═══ Data under study ═══

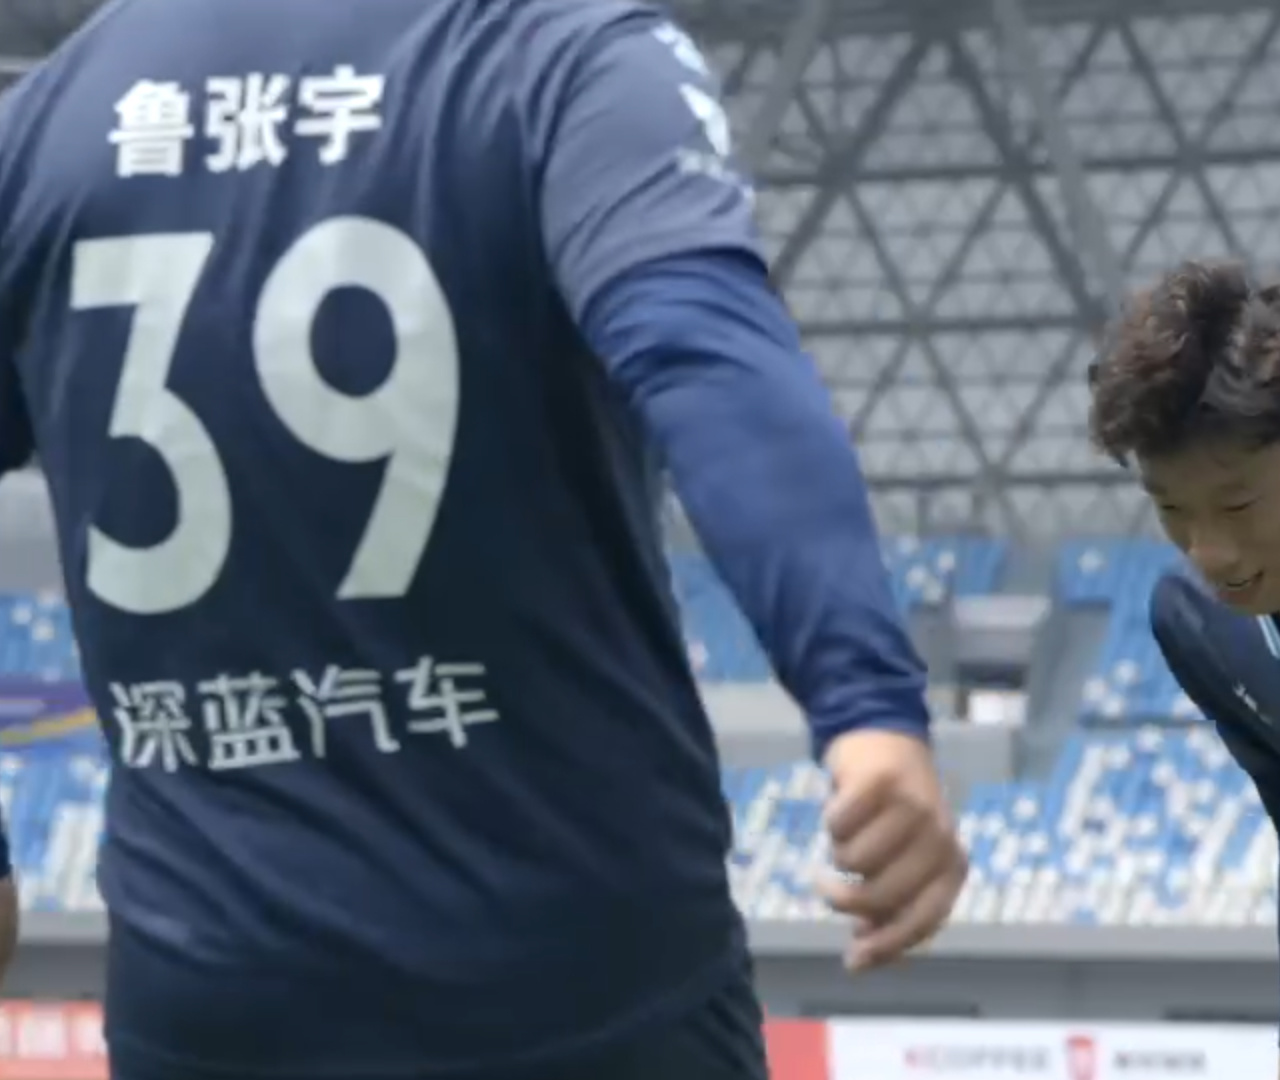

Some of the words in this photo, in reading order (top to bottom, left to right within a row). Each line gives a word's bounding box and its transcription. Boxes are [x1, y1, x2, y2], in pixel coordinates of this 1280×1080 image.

[107, 66, 384, 178] 鲁张宇
[70, 215, 461, 614] 39
[109, 655, 498, 773] 深蓝汽车
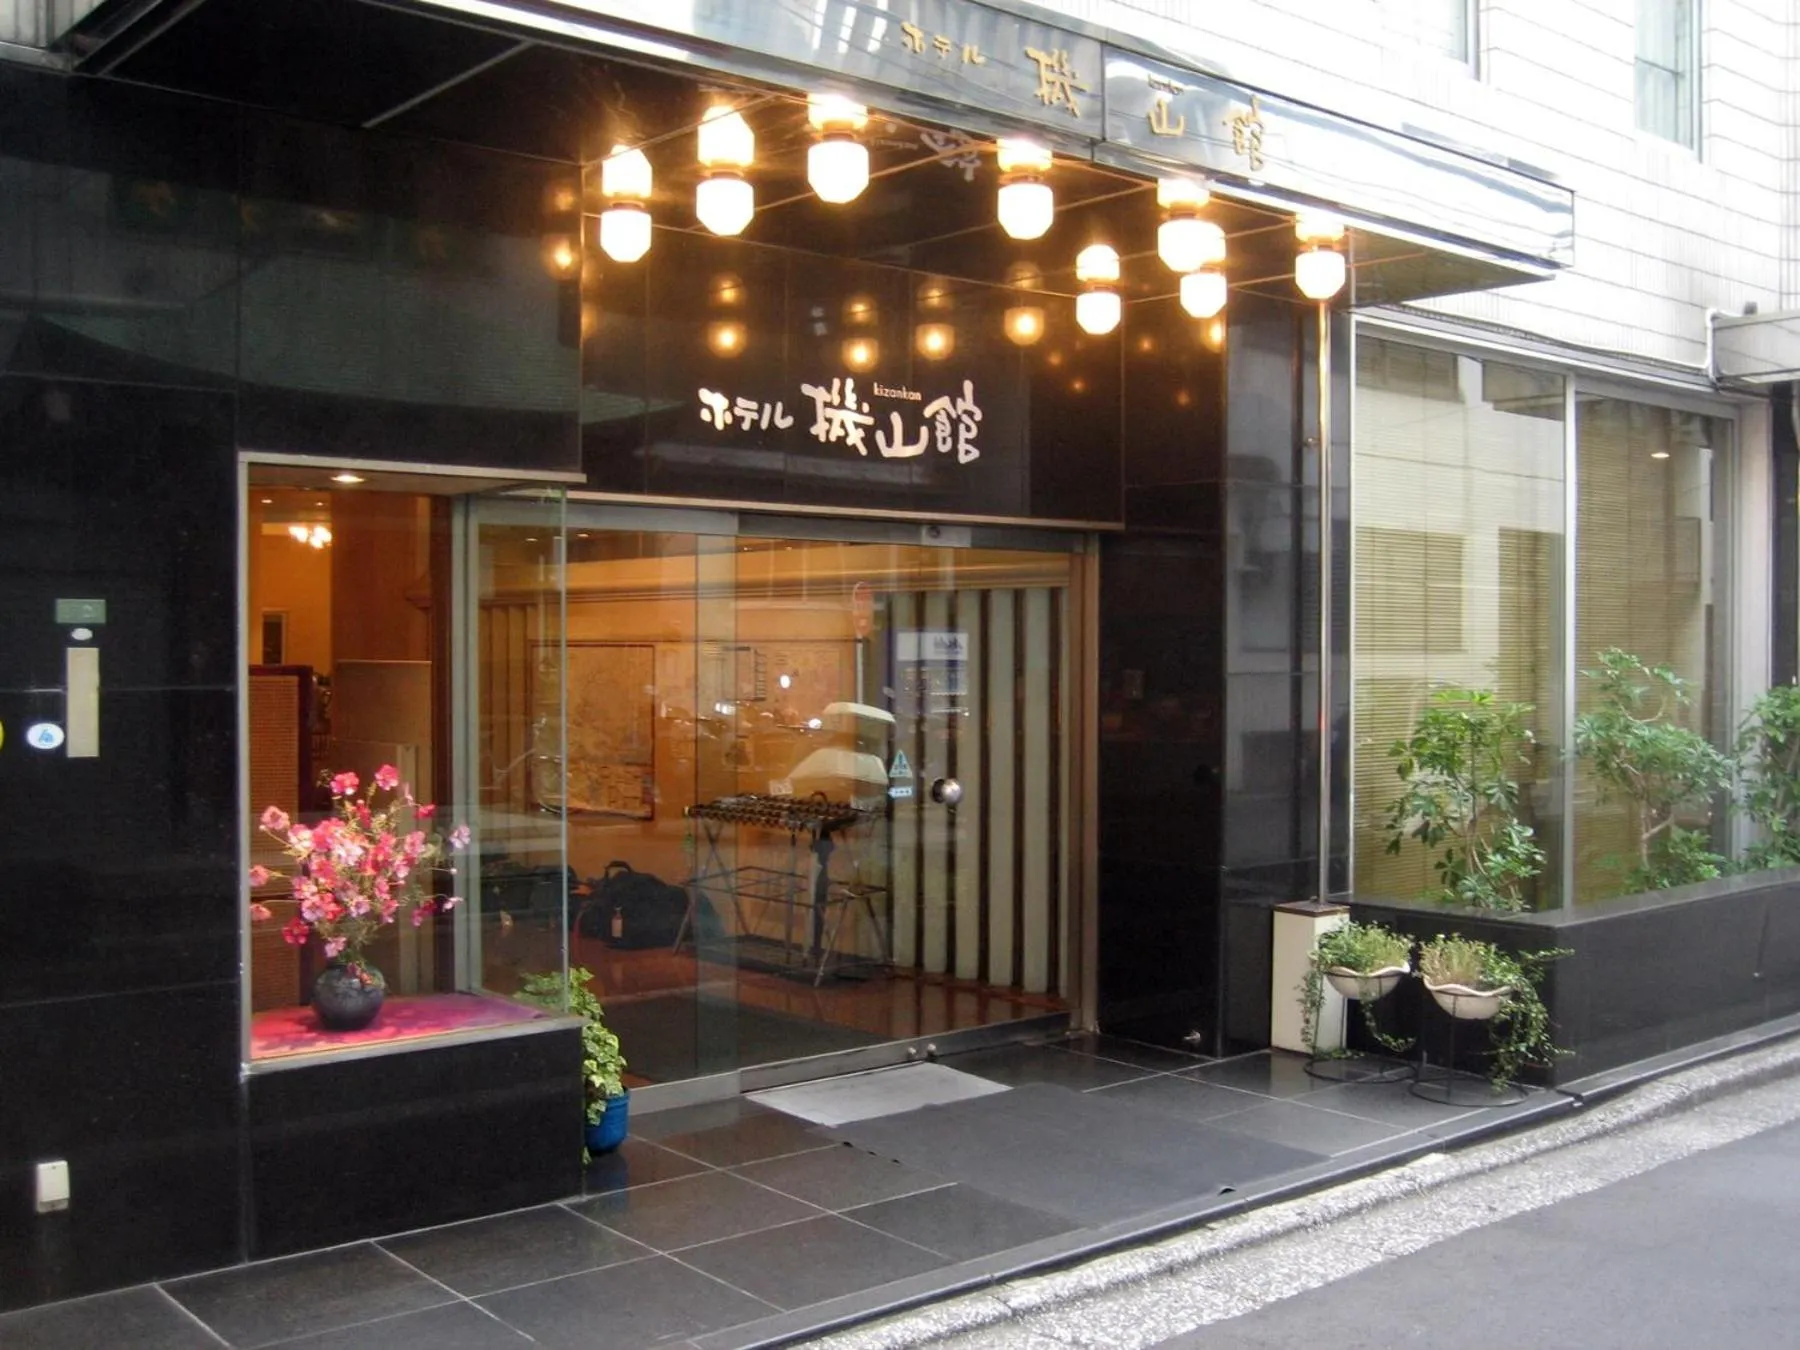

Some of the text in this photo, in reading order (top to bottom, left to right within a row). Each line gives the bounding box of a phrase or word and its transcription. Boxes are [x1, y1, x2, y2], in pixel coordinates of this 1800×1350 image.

[902, 21, 986, 65] ホテル
[698, 387, 794, 431] ホテル
[873, 381, 922, 401] kizankan

═══

Exercise brief:
Repeat each line of the records exactly. Do not include the pictures.

Response below:
Some of the words in this photo, in reading order (top to bottom, left to right within a row). Each line gives a word's bounding box and its transcription. Boxes are [x1, y1, x2, y2], in pixel coordinates of this 1280×1080 image.

[107, 66, 384, 178] 鲁张宇
[70, 215, 461, 614] 39
[109, 655, 498, 773] 深蓝汽车

Some of the text in this photo, in reading order (top to bottom, left to right within a row). Each line gives the bounding box of a phrase or word and its transcription. Boxes are [x1, y1, x2, y2], in pixel coordinates of this 1800×1350 image.

[902, 21, 986, 65] ホテル
[698, 387, 794, 431] ホテル
[873, 381, 922, 401] kizankan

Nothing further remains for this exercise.